Karl Ludwig Maria Joseph Anselm Andreas Fürst Fugger von Babenhausen (4 February 1829 – 12 May 1906) was a German nobleman of the Fugger family. He was styled Count until the death of his brother in 1885, when he became the titular Prince of the Principality of Babenhausen, which had been mediatized to the Kingdom of Bavaria in 1806, (Note: Karl was also Hereditary Count Fugger of Babenhausen, Lord of Boas, Heimertingen, Wald, Wellenberg, Count of Kirchberg, etc.) in what is now the Landkreis Unterallgäu.

==Early life==
Karl was born on 4 February 1829 in Babenhausen. He was the second son of Anton, 2nd Prince Fugger von Babenhausen (1800–1836) and Princess Franziska of Hohenlohe-Bartenstein-Jagtsberg (1807–1873).

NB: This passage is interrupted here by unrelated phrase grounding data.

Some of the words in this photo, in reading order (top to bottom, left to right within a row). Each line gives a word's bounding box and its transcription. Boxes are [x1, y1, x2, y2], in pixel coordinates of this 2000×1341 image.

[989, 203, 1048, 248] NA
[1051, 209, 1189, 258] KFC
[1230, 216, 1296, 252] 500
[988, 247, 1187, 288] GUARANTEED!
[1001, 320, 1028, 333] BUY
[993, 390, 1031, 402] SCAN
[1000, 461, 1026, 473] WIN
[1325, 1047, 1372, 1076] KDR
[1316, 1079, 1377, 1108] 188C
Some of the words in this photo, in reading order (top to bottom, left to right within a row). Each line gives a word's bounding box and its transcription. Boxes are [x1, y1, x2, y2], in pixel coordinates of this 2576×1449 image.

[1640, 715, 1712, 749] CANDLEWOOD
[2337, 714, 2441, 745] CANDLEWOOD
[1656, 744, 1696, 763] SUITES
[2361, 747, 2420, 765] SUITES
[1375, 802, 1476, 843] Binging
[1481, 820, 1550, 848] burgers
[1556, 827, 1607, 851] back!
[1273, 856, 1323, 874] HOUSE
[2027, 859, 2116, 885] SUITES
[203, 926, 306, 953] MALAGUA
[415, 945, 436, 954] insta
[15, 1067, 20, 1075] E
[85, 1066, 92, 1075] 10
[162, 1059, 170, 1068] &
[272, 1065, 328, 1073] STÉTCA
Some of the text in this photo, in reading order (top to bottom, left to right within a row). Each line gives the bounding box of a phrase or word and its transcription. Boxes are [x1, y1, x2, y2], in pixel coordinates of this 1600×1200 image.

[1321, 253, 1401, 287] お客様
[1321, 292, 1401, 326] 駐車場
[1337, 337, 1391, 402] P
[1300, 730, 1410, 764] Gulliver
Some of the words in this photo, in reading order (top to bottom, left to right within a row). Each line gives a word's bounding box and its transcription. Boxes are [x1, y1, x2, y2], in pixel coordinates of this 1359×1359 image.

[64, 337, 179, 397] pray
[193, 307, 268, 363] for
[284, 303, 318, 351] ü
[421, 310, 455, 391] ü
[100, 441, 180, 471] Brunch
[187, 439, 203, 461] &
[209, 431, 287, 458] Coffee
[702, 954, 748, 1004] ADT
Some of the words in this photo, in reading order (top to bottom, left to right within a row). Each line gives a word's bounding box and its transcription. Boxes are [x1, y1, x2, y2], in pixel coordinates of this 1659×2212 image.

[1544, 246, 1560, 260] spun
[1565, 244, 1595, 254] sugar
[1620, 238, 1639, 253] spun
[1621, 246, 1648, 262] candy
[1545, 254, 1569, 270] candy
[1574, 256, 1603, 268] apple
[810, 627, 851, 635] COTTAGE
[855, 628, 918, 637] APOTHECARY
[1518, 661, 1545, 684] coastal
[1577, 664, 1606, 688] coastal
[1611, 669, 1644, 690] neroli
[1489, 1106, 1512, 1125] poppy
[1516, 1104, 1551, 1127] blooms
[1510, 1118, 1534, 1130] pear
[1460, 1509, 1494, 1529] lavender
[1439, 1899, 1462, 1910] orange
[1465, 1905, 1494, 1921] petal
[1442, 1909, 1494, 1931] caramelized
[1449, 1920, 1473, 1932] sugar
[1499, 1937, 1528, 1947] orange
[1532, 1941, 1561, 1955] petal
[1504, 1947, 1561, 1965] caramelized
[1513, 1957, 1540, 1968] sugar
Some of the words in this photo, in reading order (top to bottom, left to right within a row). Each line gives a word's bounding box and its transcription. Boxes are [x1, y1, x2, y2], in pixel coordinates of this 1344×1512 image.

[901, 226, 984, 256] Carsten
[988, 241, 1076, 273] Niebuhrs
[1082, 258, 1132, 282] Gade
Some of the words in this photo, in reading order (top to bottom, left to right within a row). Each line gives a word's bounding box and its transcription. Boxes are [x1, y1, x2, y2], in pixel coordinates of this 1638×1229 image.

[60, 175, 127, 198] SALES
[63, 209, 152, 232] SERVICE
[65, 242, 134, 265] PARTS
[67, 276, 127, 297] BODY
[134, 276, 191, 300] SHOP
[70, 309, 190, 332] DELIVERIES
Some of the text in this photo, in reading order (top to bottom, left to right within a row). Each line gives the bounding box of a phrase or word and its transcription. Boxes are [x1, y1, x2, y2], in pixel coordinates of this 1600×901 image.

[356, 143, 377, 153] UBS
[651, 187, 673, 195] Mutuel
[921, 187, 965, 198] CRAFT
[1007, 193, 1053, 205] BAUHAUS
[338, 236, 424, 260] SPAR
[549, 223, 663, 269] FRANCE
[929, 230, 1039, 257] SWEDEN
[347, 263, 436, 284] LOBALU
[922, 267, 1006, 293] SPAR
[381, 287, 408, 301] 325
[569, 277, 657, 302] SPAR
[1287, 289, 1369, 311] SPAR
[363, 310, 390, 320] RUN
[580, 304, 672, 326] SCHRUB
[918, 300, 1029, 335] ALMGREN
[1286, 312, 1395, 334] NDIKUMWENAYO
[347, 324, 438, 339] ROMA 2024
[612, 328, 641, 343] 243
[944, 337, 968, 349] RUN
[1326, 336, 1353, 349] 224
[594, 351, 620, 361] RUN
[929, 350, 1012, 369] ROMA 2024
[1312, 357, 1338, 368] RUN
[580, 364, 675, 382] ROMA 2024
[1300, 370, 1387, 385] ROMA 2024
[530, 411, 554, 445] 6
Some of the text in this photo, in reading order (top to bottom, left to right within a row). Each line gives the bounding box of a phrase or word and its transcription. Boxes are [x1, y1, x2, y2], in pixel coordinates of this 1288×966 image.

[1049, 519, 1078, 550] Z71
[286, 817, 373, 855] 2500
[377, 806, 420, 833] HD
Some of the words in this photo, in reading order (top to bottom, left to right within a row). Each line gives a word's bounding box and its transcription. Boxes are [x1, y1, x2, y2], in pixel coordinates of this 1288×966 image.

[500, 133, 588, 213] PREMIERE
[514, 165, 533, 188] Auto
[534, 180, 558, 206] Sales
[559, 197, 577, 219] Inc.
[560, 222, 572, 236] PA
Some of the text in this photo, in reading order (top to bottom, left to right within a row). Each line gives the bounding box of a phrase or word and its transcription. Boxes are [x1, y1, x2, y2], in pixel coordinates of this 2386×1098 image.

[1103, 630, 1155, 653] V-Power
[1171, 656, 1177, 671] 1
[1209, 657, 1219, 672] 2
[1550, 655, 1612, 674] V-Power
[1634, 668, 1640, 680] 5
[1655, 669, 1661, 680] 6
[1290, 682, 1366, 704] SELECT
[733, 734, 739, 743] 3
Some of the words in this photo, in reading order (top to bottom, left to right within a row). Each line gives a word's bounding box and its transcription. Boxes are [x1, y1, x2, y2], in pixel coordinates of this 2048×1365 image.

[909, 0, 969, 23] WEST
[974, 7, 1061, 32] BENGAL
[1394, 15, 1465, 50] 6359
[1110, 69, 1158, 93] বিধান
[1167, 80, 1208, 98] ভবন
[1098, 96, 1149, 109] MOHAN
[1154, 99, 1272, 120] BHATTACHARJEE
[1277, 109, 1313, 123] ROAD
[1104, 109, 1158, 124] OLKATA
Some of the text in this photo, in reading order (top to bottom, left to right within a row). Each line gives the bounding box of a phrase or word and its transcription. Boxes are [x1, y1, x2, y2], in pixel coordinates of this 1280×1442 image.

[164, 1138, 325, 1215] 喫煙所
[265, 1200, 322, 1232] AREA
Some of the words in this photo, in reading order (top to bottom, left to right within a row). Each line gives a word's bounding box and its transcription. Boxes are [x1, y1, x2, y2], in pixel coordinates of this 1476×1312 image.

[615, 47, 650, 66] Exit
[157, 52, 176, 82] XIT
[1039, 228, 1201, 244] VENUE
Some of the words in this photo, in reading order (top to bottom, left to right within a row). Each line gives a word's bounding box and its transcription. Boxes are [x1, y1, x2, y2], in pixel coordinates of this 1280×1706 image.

Among his siblings were Leopold Fugger von Babenhausen (who married Countess Anna von Gatterburg), and Count Friedrich Fugger von Babenhausen (who married Baroness Maria von Gudenus).

His paternal grandparents were Anselm, 1st Prince Fugger von Babenhausen and Countess Maria Antonia Elisabetha von Waldburg zu Zeil-Wurzach. His maternal grandparents were Charles Joseph, 1st Prince of Hohenlohe-Jagstberg and Duchess Henriette of Württemberg (the youngest daughter of Louis Eugene, Duke of Württemberg, reigning Duke of Württemberg).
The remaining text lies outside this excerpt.